Phrase grounding data:
▼
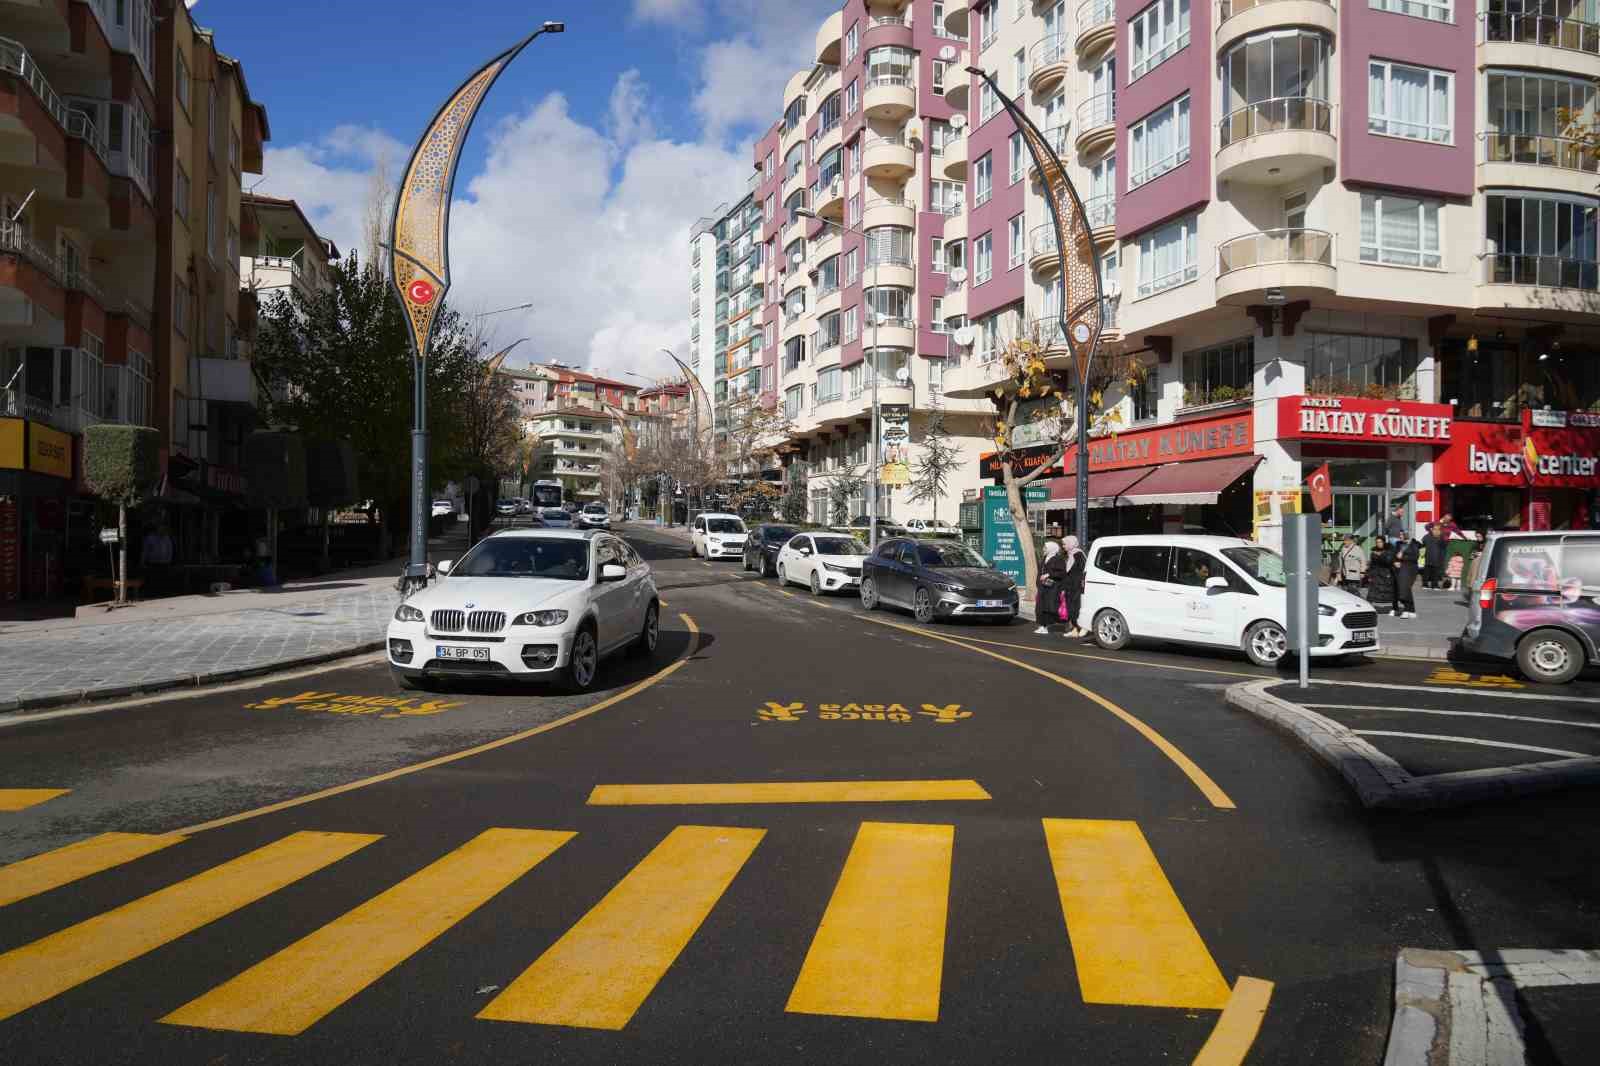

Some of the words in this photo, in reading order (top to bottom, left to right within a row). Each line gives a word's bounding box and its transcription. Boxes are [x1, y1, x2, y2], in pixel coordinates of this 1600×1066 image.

[1299, 410, 1366, 434] HATAY
[1371, 408, 1451, 438] KÜNEFE
[1092, 434, 1150, 464] HATAY
[1159, 422, 1249, 455] KÜNEFE
[1469, 443, 1521, 476] lavaş
[1539, 453, 1597, 475] center
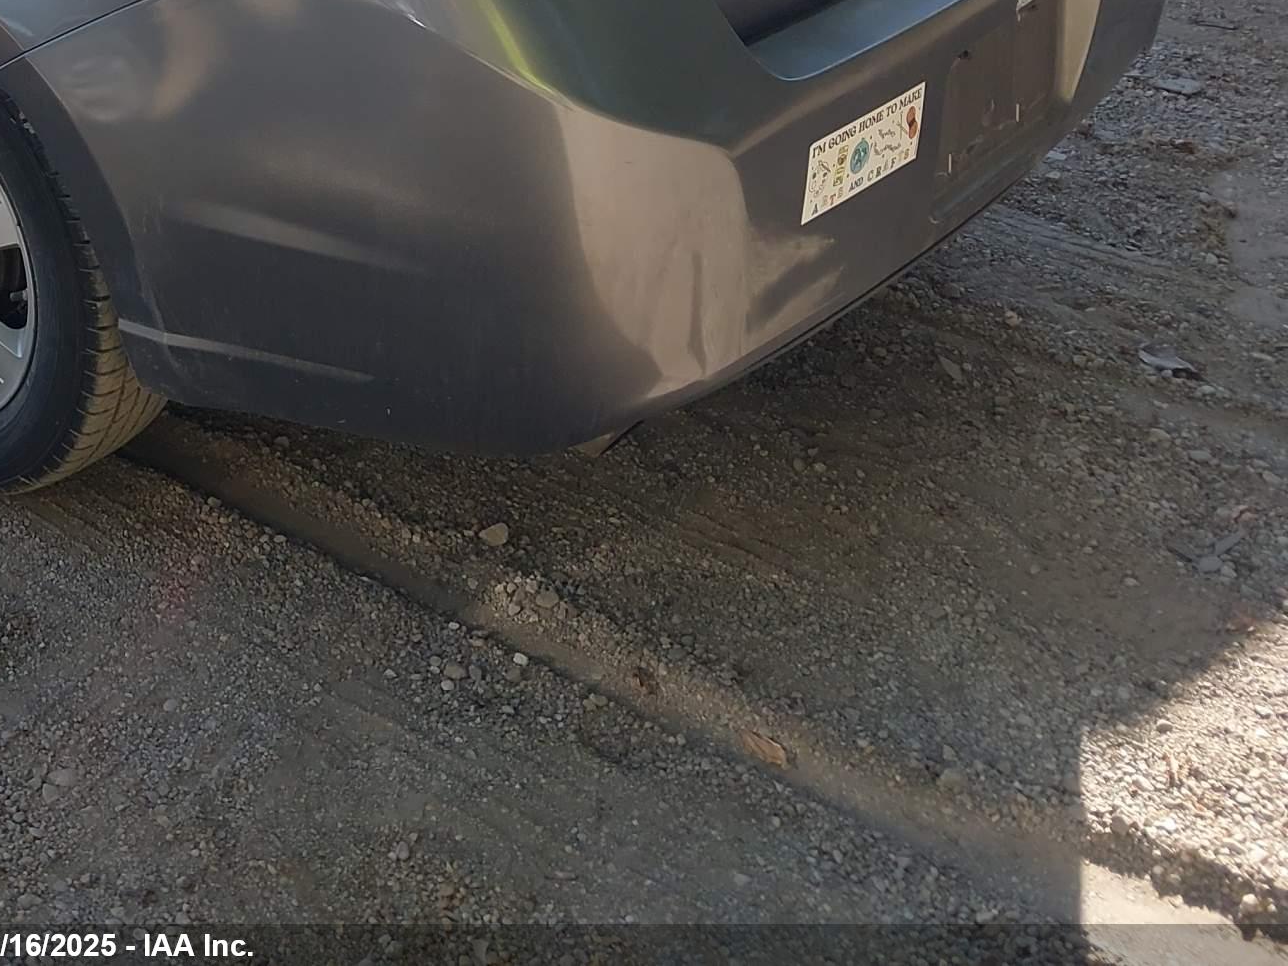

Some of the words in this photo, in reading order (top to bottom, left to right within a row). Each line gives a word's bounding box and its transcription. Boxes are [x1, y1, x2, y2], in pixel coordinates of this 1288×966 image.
▲
Skip the pictures, then write out every entry exactly.

Some of the words in this photo, in reading order (top to bottom, left to right within a row). Each line gives a word's bounding box and its transcription. Boxes are [x1, y1, x2, y2], in pixel coordinates of this 1600×1066 image.

[1299, 410, 1366, 434] HATAY
[1371, 408, 1451, 438] KÜNEFE
[1092, 434, 1150, 464] HATAY
[1159, 422, 1249, 455] KÜNEFE
[1469, 443, 1521, 476] lavaş
[1539, 453, 1597, 475] center

Some of the words in this photo, in reading order (top to bottom, left to right within a row). Each line gives a word's bounding box and its transcription. Boxes are [x1, y1, x2, y2], in pixel coordinates of this 1288×966 image.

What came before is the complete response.